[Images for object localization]
========================
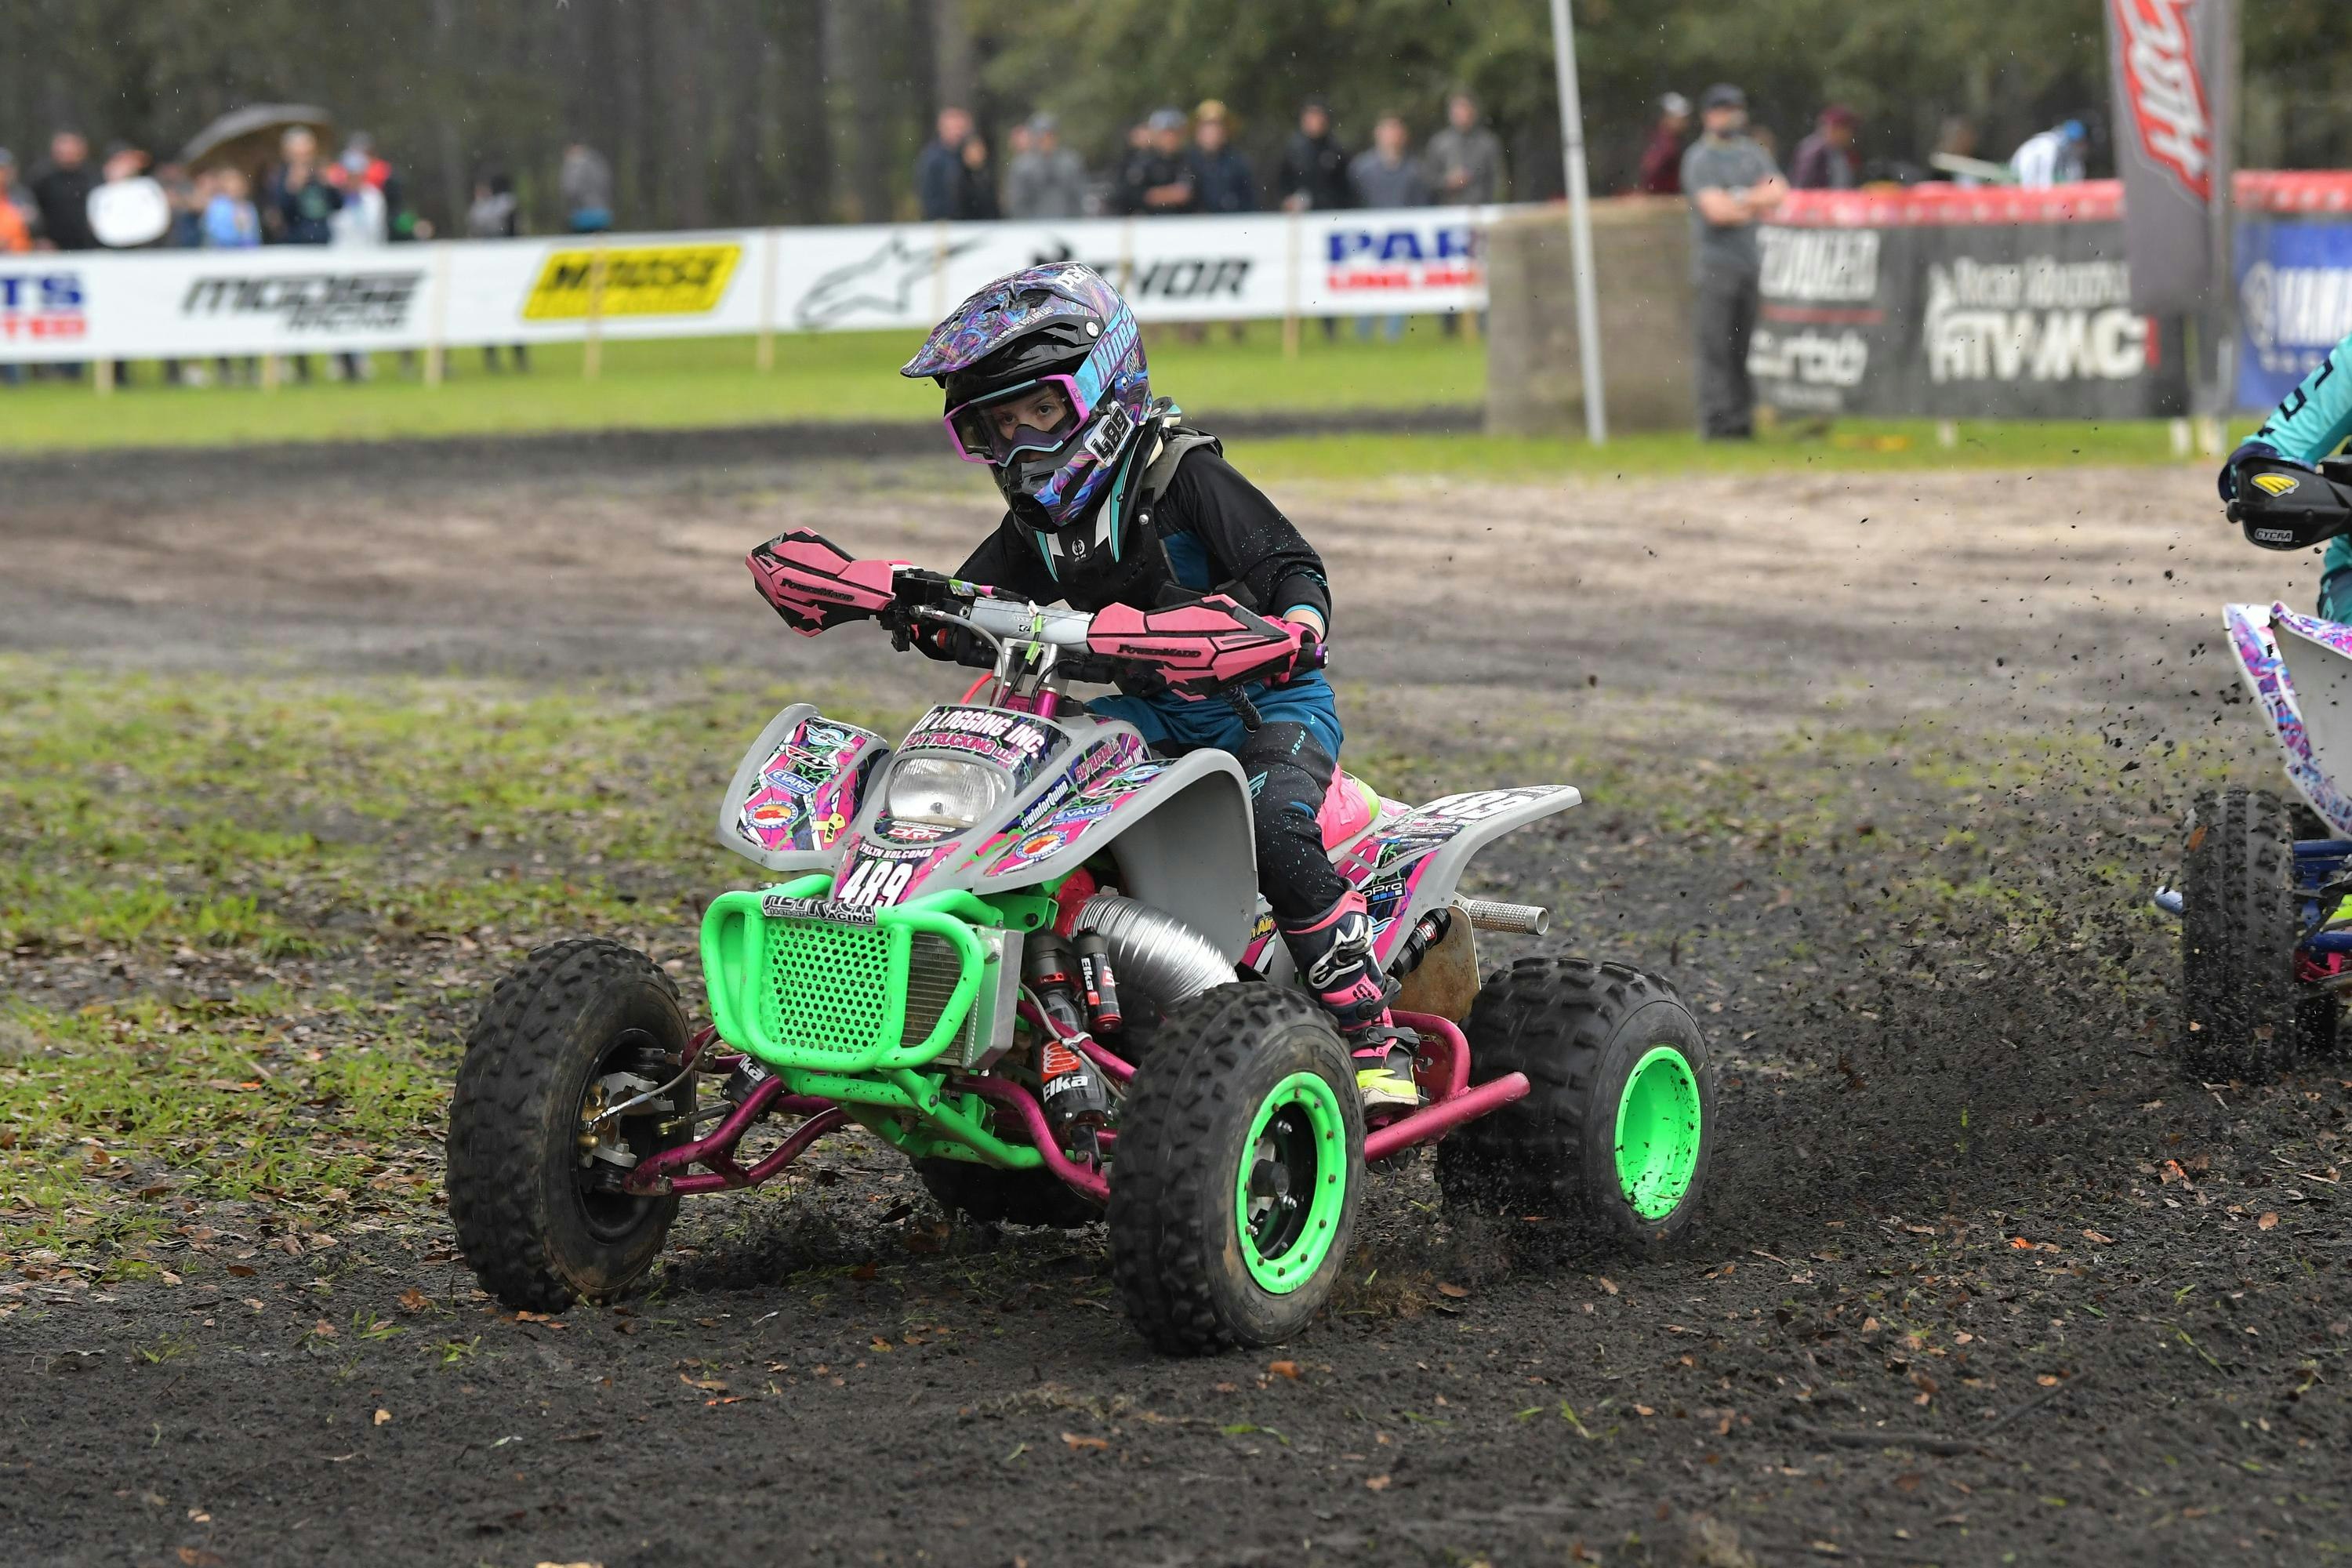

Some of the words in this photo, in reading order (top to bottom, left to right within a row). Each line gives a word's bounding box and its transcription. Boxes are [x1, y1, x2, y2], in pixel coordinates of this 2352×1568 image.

[928, 732, 996, 753] TRUCKING
[993, 746, 1016, 763] LLC
[931, 710, 1014, 737] LOGGING
[1004, 724, 1045, 759] INC.
[772, 771, 814, 793] EVANS
[1021, 781, 1069, 831] #winforQuinn
[837, 860, 913, 907] 489
[1363, 883, 1402, 898] oPro
[739, 1056, 766, 1082] ka
[1043, 1076, 1088, 1103] Elka
========================
Each entry above should be reproduced exactly, with the pictures removed.

Some of the words in this photo, in reading order (top to bottom, left to right within a row). Each line gives a word's bounding box and its transcription. Boxes are [x1, y1, x2, y2], in pixel coordinates of this 2352×1568 image.

[928, 732, 996, 753] TRUCKING
[993, 746, 1016, 763] LLC
[931, 710, 1014, 737] LOGGING
[1004, 724, 1045, 759] INC.
[772, 771, 814, 793] EVANS
[1021, 781, 1069, 831] #winforQuinn
[837, 860, 913, 907] 489
[1363, 883, 1402, 898] oPro
[739, 1056, 766, 1082] ka
[1043, 1076, 1088, 1103] Elka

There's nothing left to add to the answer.